[[ Record extracts, beginning ]]

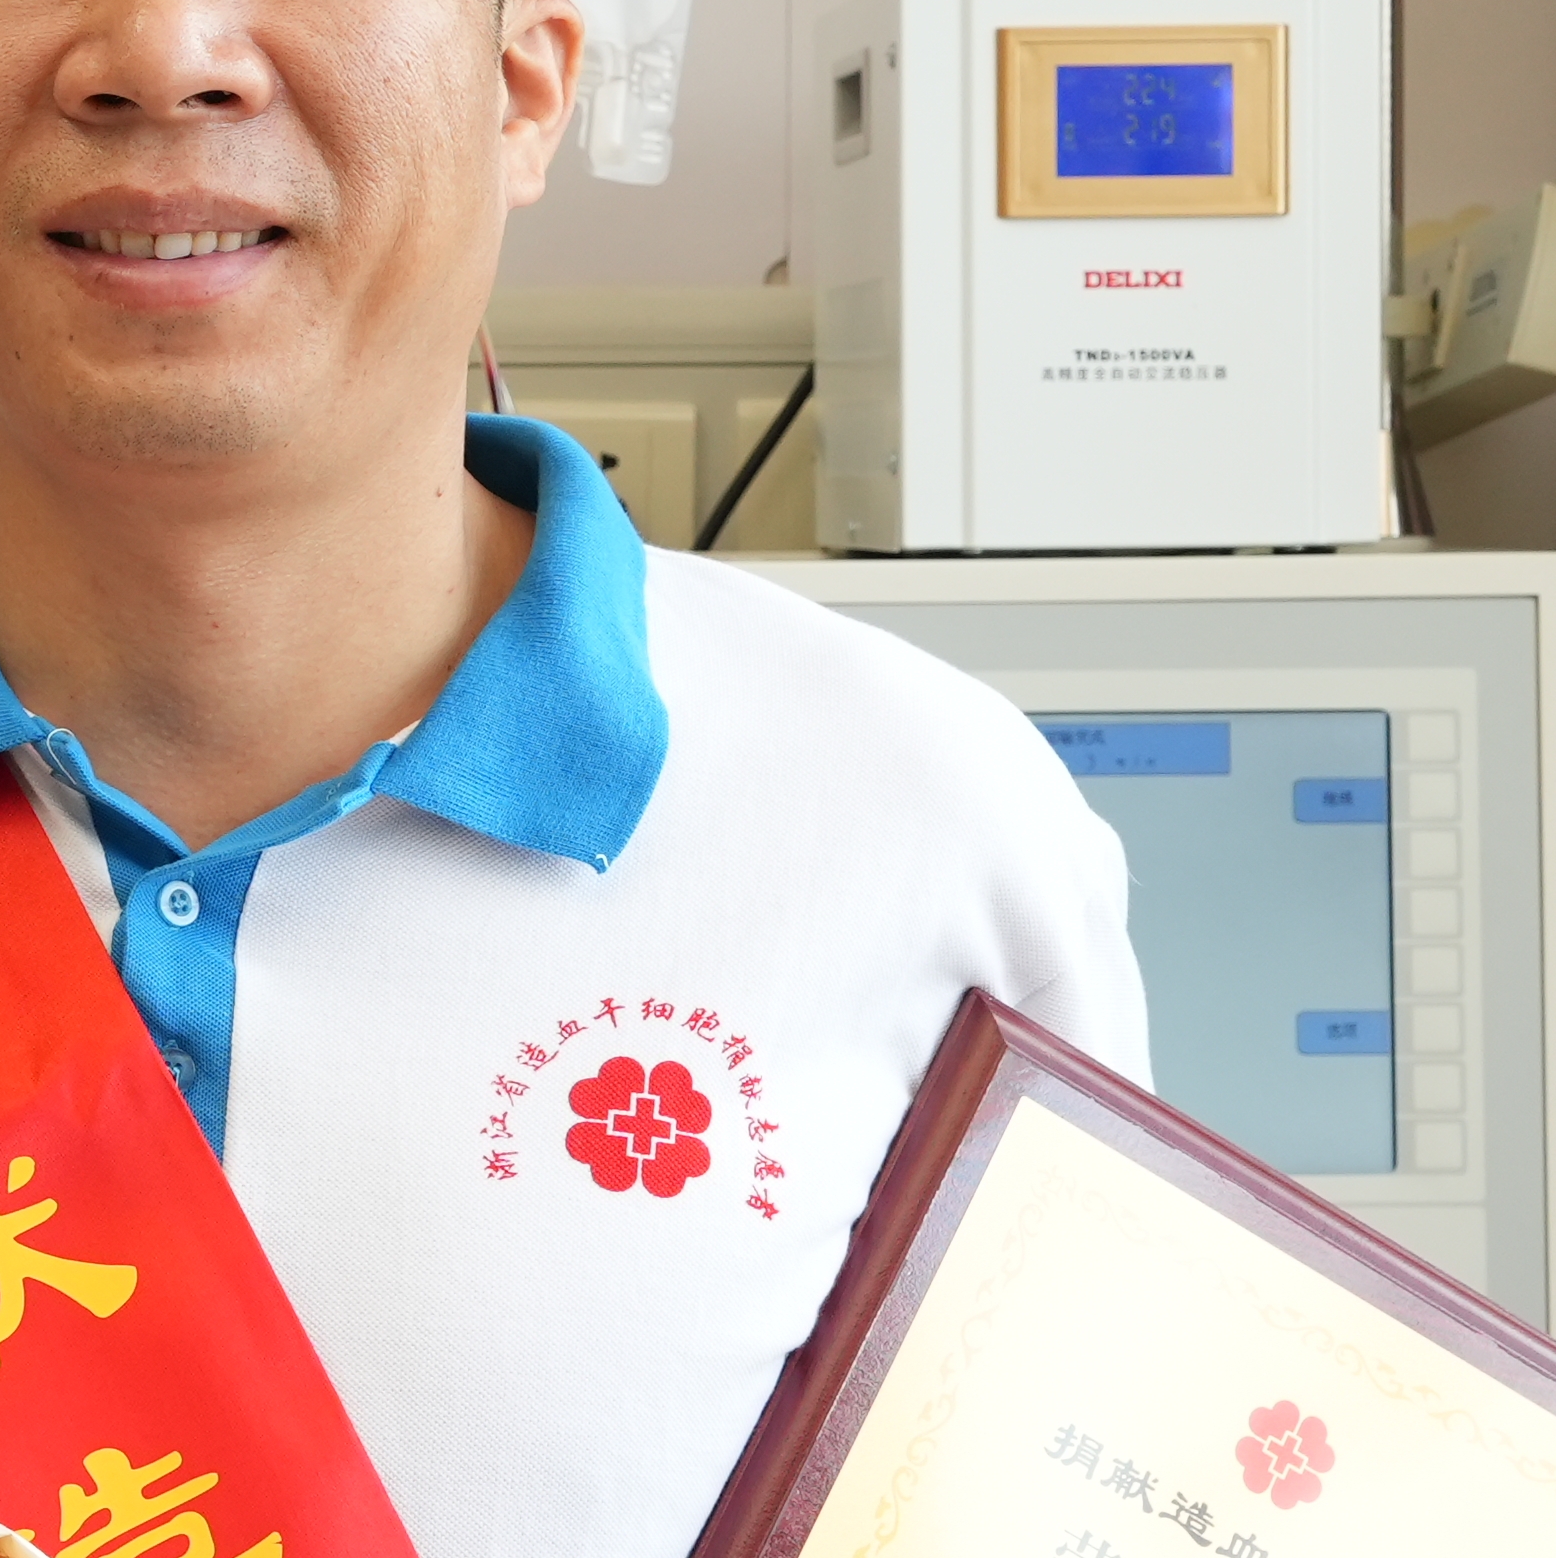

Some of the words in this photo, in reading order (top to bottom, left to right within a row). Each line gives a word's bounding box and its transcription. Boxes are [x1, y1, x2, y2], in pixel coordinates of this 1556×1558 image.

[1084, 269, 1185, 289] DELIXI
[480, 996, 787, 1221] 浙江省造血干细胞捐献志愿者
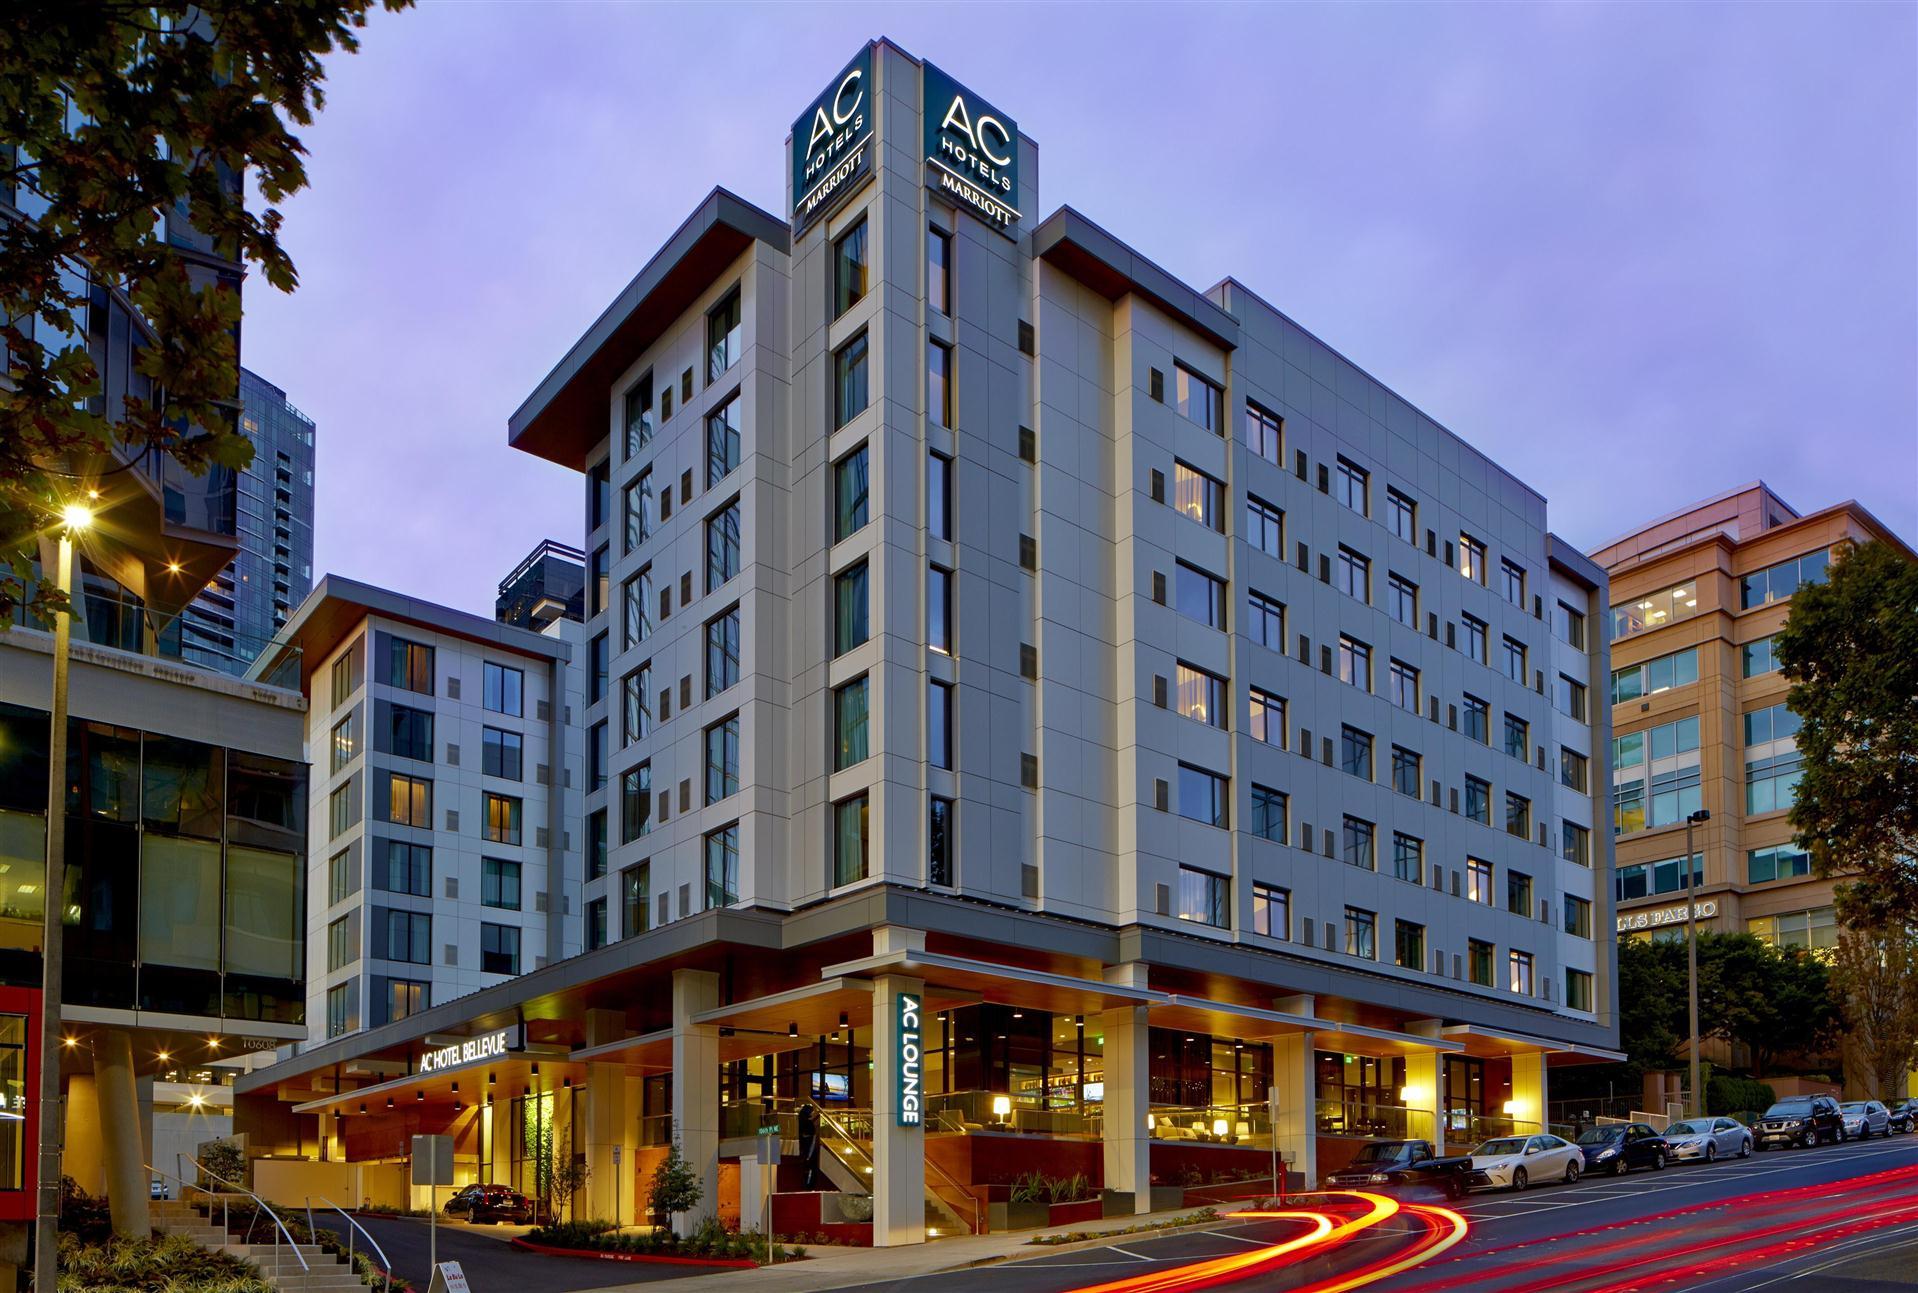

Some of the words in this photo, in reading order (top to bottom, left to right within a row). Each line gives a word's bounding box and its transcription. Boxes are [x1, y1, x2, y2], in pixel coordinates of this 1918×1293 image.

[806, 70, 863, 161] AC
[942, 95, 1011, 167] AC
[806, 114, 863, 179] HOTELS
[942, 136, 1011, 191] HOTELS
[806, 147, 864, 215] MARRIOTT
[942, 172, 1011, 226] MARRIOTT
[902, 996, 919, 1029] AC
[242, 1038, 276, 1050] 10608
[420, 1053, 433, 1073] AC
[433, 1045, 462, 1069] HOTEL
[462, 1032, 506, 1062] BELLEVUE
[902, 1033, 919, 1123] LOUNGE

[[ Record extracts, end ]]

About this task> Could you restate every record above word for word, dropping the pictures?

Expected answer>
Some of the words in this photo, in reading order (top to bottom, left to right within a row). Each line gives a word's bounding box and its transcription. Boxes are [x1, y1, x2, y2], in pixel coordinates of this 1556×1558 image.

[1084, 269, 1185, 289] DELIXI
[480, 996, 787, 1221] 浙江省造血干细胞捐献志愿者

Some of the words in this photo, in reading order (top to bottom, left to right within a row). Each line gives a word's bounding box and its transcription. Boxes are [x1, y1, x2, y2], in pixel coordinates of this 1918×1293 image.

[806, 70, 863, 161] AC
[942, 95, 1011, 167] AC
[806, 114, 863, 179] HOTELS
[942, 136, 1011, 191] HOTELS
[806, 147, 864, 215] MARRIOTT
[942, 172, 1011, 226] MARRIOTT
[902, 996, 919, 1029] AC
[242, 1038, 276, 1050] 10608
[420, 1053, 433, 1073] AC
[433, 1045, 462, 1069] HOTEL
[462, 1032, 506, 1062] BELLEVUE
[902, 1033, 919, 1123] LOUNGE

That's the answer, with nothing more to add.